MUSIC VAE — Understanding of Google’s work for interpolating long music sequences

12 min readMay 8, 2019

Motivation behind Music VAE:

When a painter creates a work of art, she first blends and explores color options on an artist’s palette before applying them to the canvas. This process is a creative act in its own right and has a profound effect on the final work.

Musicians and composers have mostly lacked a similar device for exploring and mixing musical ideas, but we are hoping to change that. Below we introduce MusicVAE, a machine learning model that lets us create palettes for blending and exploring musical scores.

The Variational Autoencoder (VAE) has proven to be an effective model for producing semantically meaningful latent representations for data. However, it has thus far seen limited application to sequential data, it was found out that existing recurrent VAE models have difficulty modeling sequences with long-term structure.

1.Traditional LSTM’s unable to decode long sequences like in Music due to posterior collapse problem.

2.Posterior Collapse : vanishing influence of the latent state as output sequence is generated

Solution :

Hierarchical Decoders:

•Sampled Latent vectors passed through multiple levels of decoder rather than a flat decoder.

Reduce scope of core bottom level decoder by propagating state only within each subsequence/bar as shown in the diagram below:

Dataset and Data Preprocessing :
MusicVAE model takes in MIDI files which is a widely used format for music.
Each musical sample is quantized to 16 notes per bar (sixteenth notes).

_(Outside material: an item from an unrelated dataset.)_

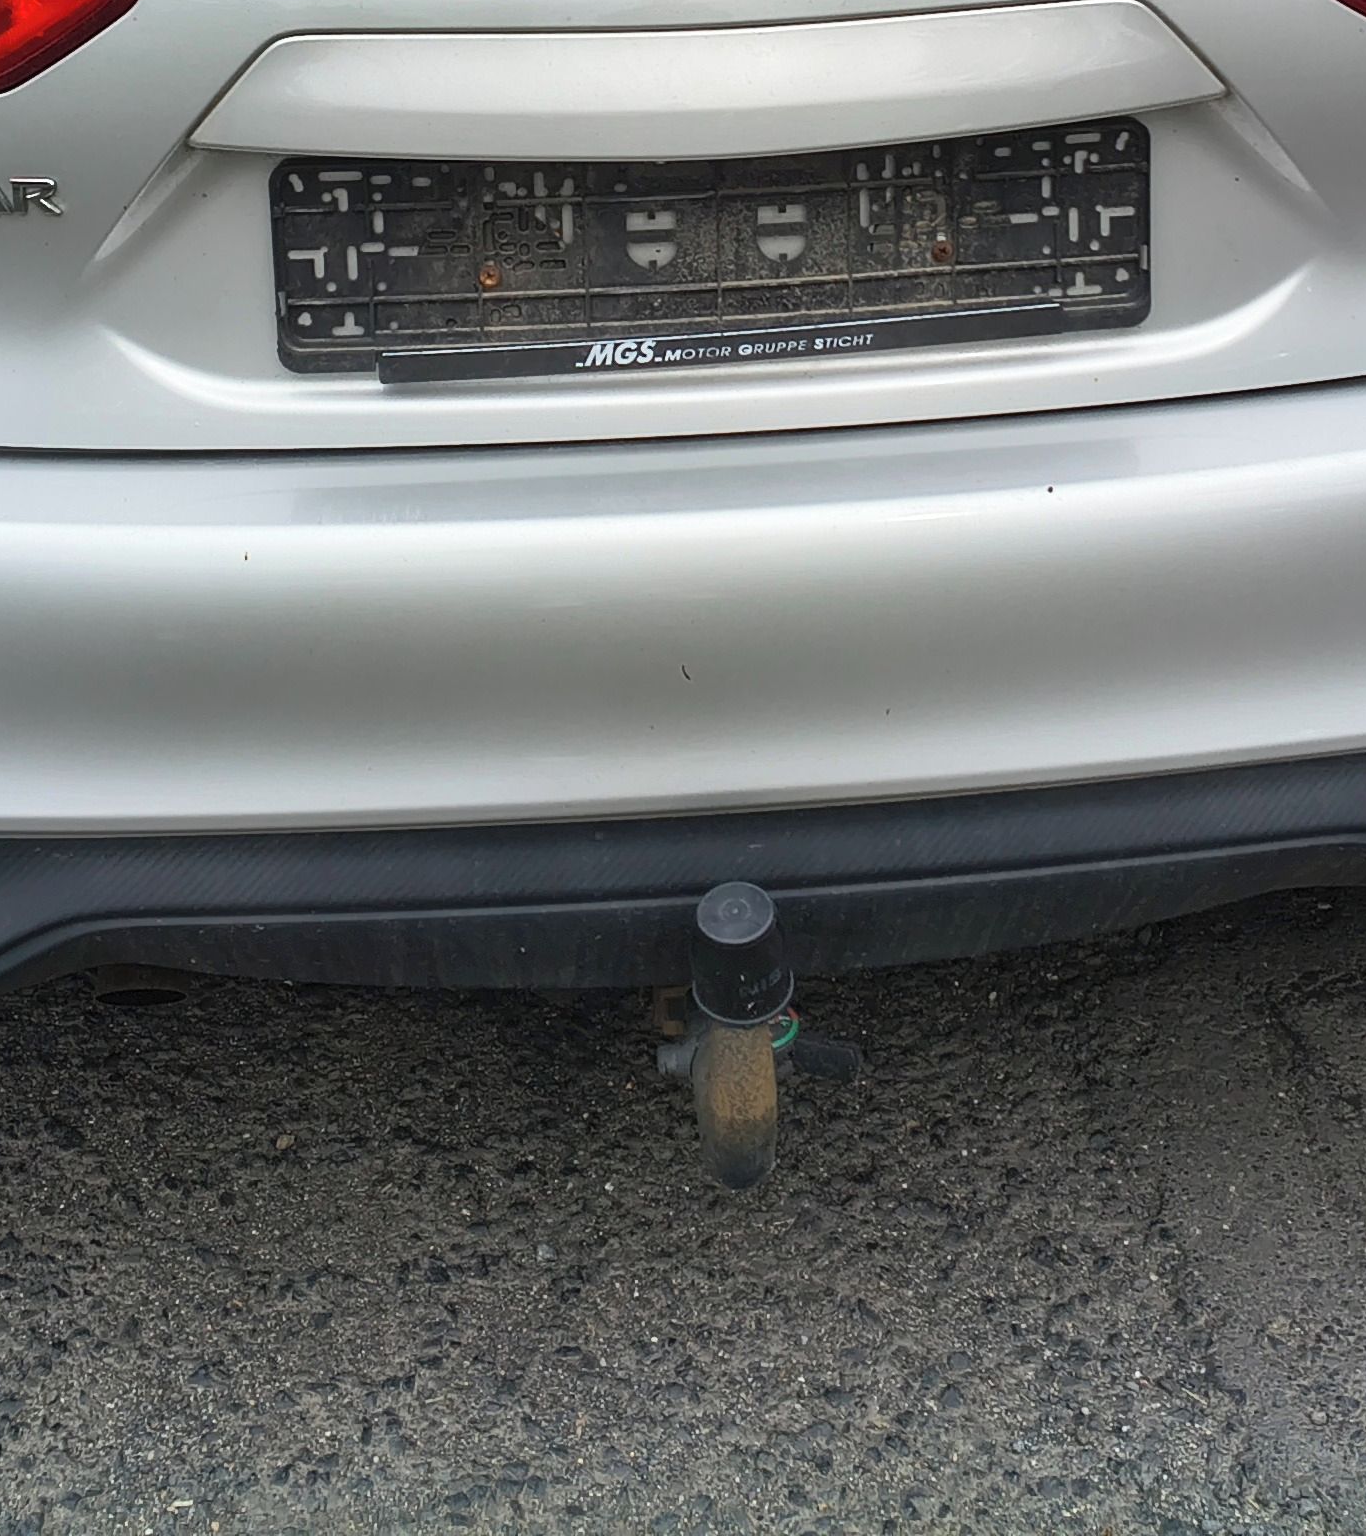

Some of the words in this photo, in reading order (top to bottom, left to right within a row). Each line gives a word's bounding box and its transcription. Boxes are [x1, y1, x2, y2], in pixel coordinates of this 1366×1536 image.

[664, 346, 732, 362] MOTOR
[738, 340, 807, 356] GRUPPE
[813, 334, 874, 351] STICHT

To present some background on this :
In music 1 whole note represents 4 beats in time which equals 1 Bar, i.e 1 whole note = 4 beats = 1 bar
Then, an eighth note is played for one eighth of duration of a whole note, i.e 1 eighth note = 1/8th of 4 beats = ½ beat
Similarly, a 16th note is played for half the duration of an eighth note ,i.e 1 sixteenth note = 1/16 of 4 beats = ¼ beat
Now, since 1 bar has 4 beats ,it will take 16 such 16th notes to consume 1 bar of music.
For a 16 bar melody, MusicVAE uses a Bidirectional LSTM Encoder and Hierarchical Unidirectional LSTM decoders .

Encoder:

Input to Encoder:

The 16 bar music samples to be fed to the encoder can be represented as 3 dimensional matrix

[ batch_size, max_sequence_length, input_depth ]

Here,

Batch_size : is the number of samples during training which is 512.

Max_sequence length : is the maximum possible sequence length which is 16X16 = 256

Input_depth : the dimension of each note that is played . Eg. In a monophonic piano music sequence there can be 90 type of events at each time step (88 key presses , 1 release, 1 rest).

So from a 16 bar melody we can generate 90²⁵⁶ possible sequences.

In case of MIDI files the input depth per note is 4.For example each note consist of the following parameters:

notes {pitch: 69, velocity: 80, start_time: 1.25, end_time: 1.5}

notes {pitch: 66, velocity: 80, start_time: 1.5, end_time: 1.75}

Here, the pitch and velocity encode the note played on an instrument say a Piano.

This [512 X 256 X 4] input is fed into a Bidirectional LSTM encoder.

Encoder Configurations and Details:

The encoder rnn is a bidirectional LSTM of 2 layers.Each layer has a state size of 2048 which means there are 2048 hidden nodes in the fully connected layers that form each LSTM cell.

The input tensor of dimensions [512 X 256 X 4] which is first converted to time major (converting to time major is important before feeding to LSTM) with dimensions [256 X 512 X 4] is fed to the first layer of the encoder rnn. The output from 1st layer is passed to second layer which gives us the hidden states output in both the directions- (Ht- fwd ) and (Ht- bkwd ).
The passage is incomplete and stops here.